We have plenty of taxes to cover the real cost of road repairs. What we have is much of that money being siphoned off for other projects.

You could also argue that EV's, not being taxed at the pump, would also have to pay a separate tax. In fact, some states are already trying to do this.

But that's another discussion.


----------



## GDN (Oct 30, 2017)

MelindaV said:


> I've not seen gas prices at $.99 since I was first driving (in the late 80s!).
> 
> having some of the lowest electricity prices, and highest fuel prices makes the NW a prime electric car market!
> 
> ...


Local current prices in Dallas from Gas Buddy.


----------



## JasonF (Oct 26, 2018)

It's averaging about $1.75 here in Central Florida. Might be the demand side keeping prices up, Florida has had trouble getting trucks to come down here to deliver things.


----------



## FRC (Aug 4, 2018)

$1.67 average in North Georgia, but more importantly, my wife and I don't care!


----------



## tencate (Jan 11, 2018)

Interesting discussion. Figured my post might provoke that.  Mind you, I'll never buy another ICE car (unless it's a _really_ interesting one like an old Aston Martin or something...). Most of us here are EV fanatics and you all probably think the way I do. But I'm mostly thinking of folks I know who were thinking about buying an EV before the oil and gas drop (and COVID-19) and now the "gas savings" argument I always used to use---which was pretty compelling before---is now, well, less appealing. (Darn, no supercharger miles referrals in the foreseeable future. )
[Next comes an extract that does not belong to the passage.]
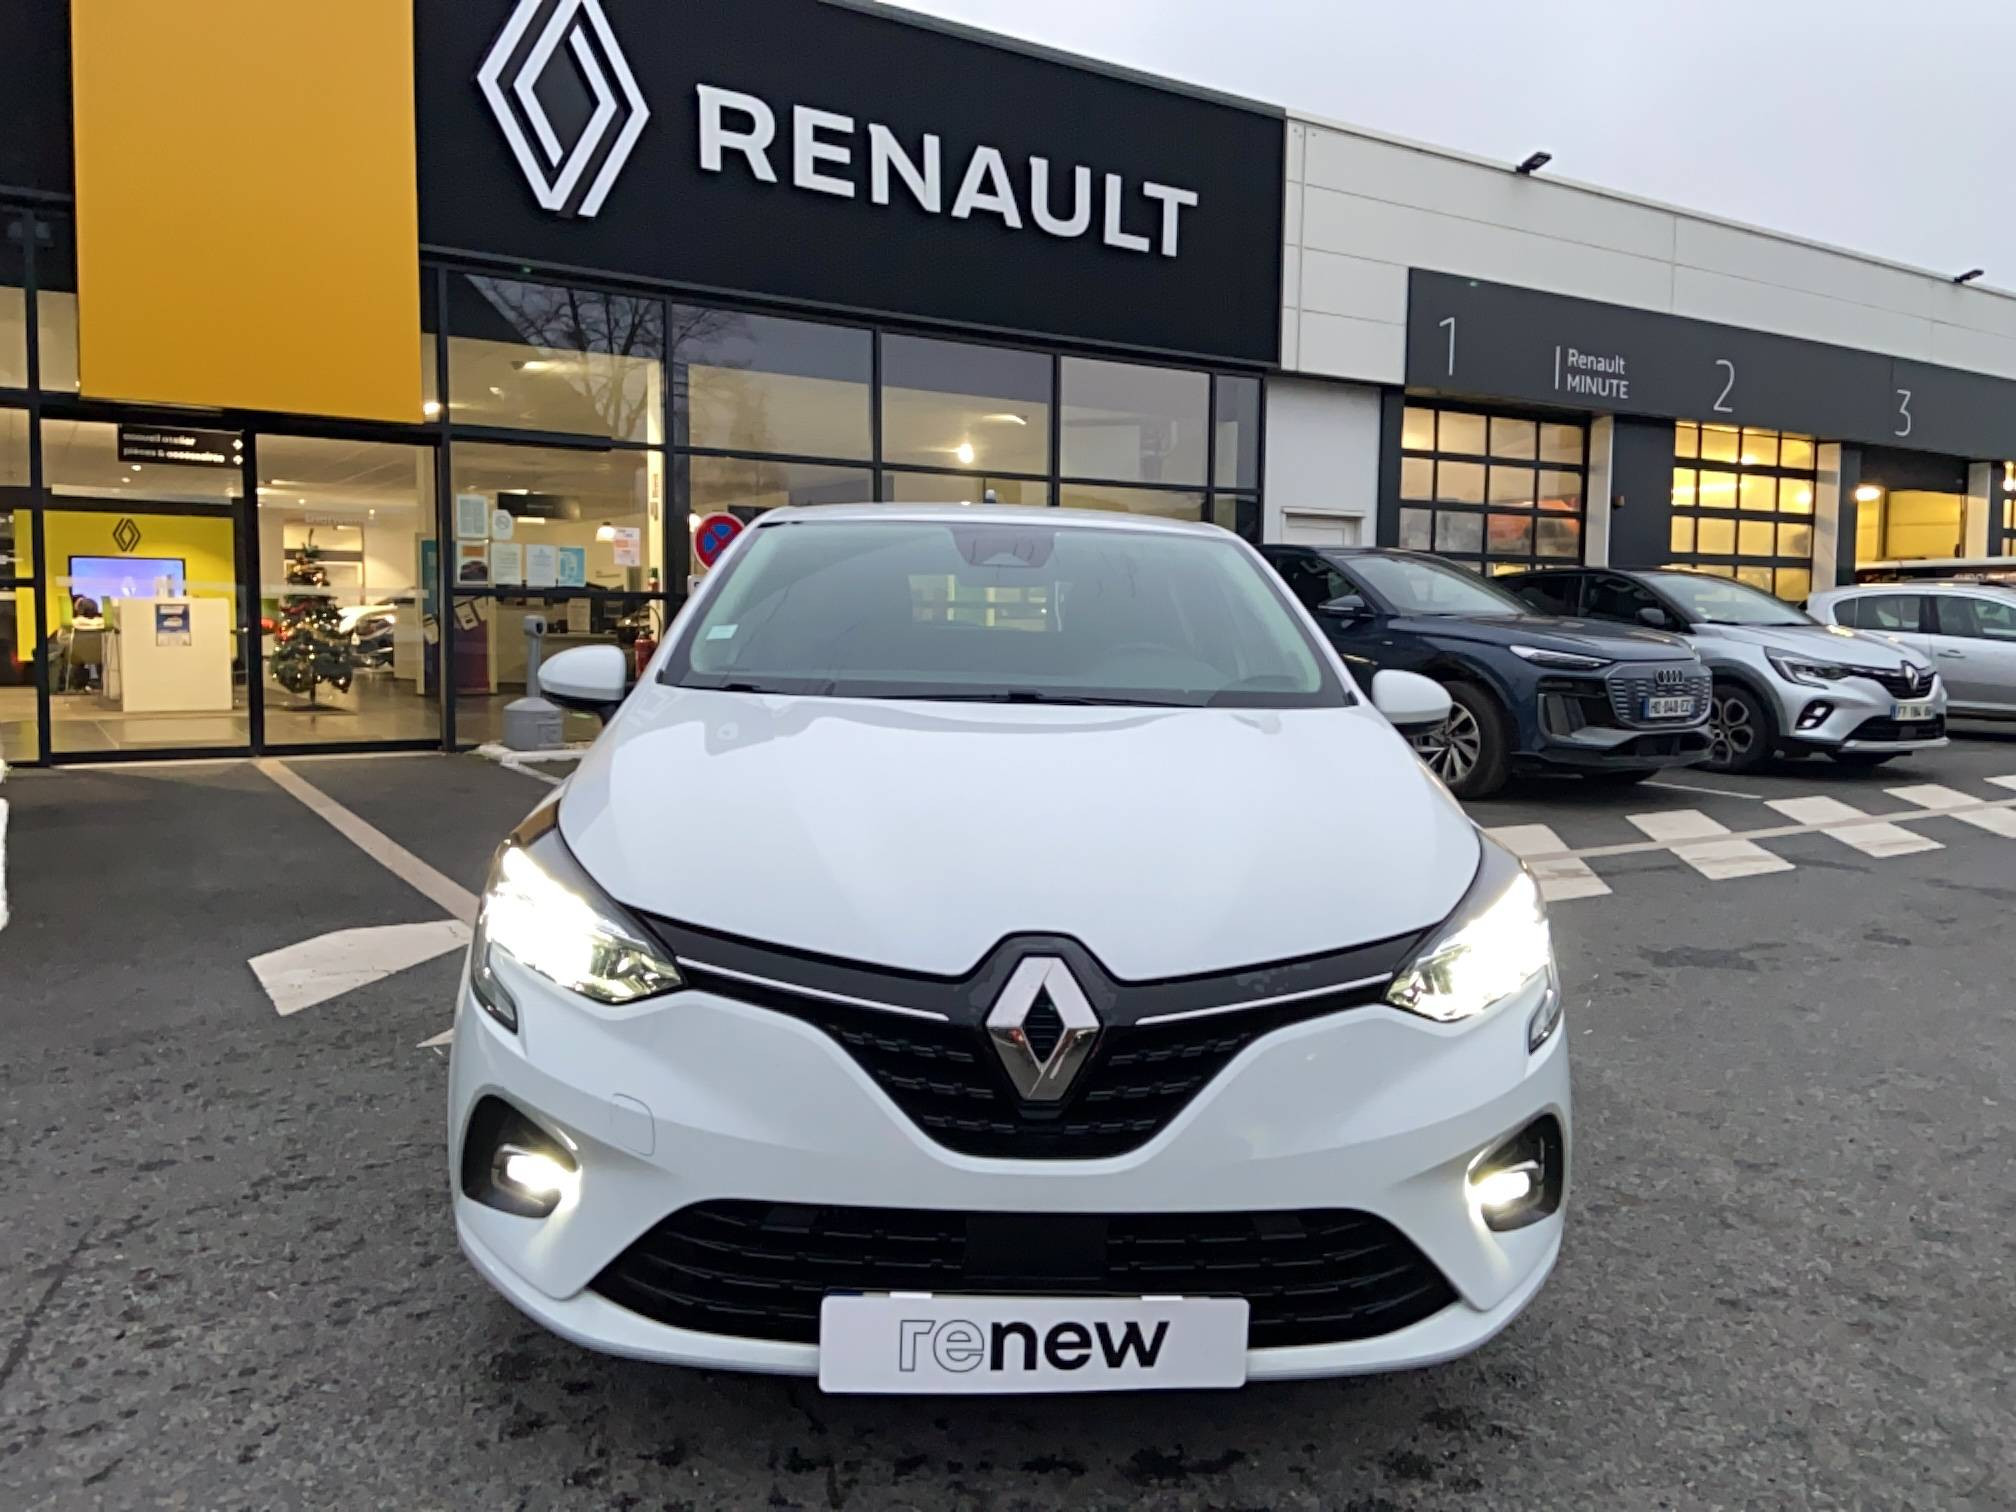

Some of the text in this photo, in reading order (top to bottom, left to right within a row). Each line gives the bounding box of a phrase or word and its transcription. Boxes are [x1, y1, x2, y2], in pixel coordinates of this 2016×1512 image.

By the way, I've got 62k miles on my car and my lifetime efficiency (displayed on the car) is 222 Wh/mi. Me? I've saved a BUNCH of cash by not having to buy gasoline---and had a blast driving all those miles to boot!


----------



## Nom (Oct 30, 2018)

222Wh/mi!!! Over 62K miles. Wow!! That is a lot of efficient driving!


----------



## tencate (Jan 11, 2018)

Nom said:


> 222Wh/mi!!! Over 62K miles. Wow!! That is a lot of efficient driving!


Current hypothesis is that air density and concomitant air drag is a LOT less for me than most. Putzing around at altitudes between 5000 (Albuquerque) and 7000 ft (Santa Fe and Los Alamos) seems to matter a lot. Or maybe it's something else, it _is_ an early car... but I don't baby it. Yeah, I'm pretty extremely happy with the car.


----------



## MelindaV (Apr 2, 2016)

garsh said:


> I seem to recall that it dipped down below a dollar again in 1999 for a few weeks/months.
> <quick search/>
> Yeah, it looks like gas prices dipped in 1998, with an average price of $1.06.
> 
> https://www.energy.gov/eere/vehicle...storical-annual-gasoline-pump-price-1929-2015


maybe nationally, but not here. the 2000 car I bought in Feb '00 I remember laughing with the sales guy over the "estimated annual fuel cost: $783" (20/29 MPG) and saying at our fuel prices that'd only get you about 8000 miles, not the 12000-15000 generally used for an annual mileage.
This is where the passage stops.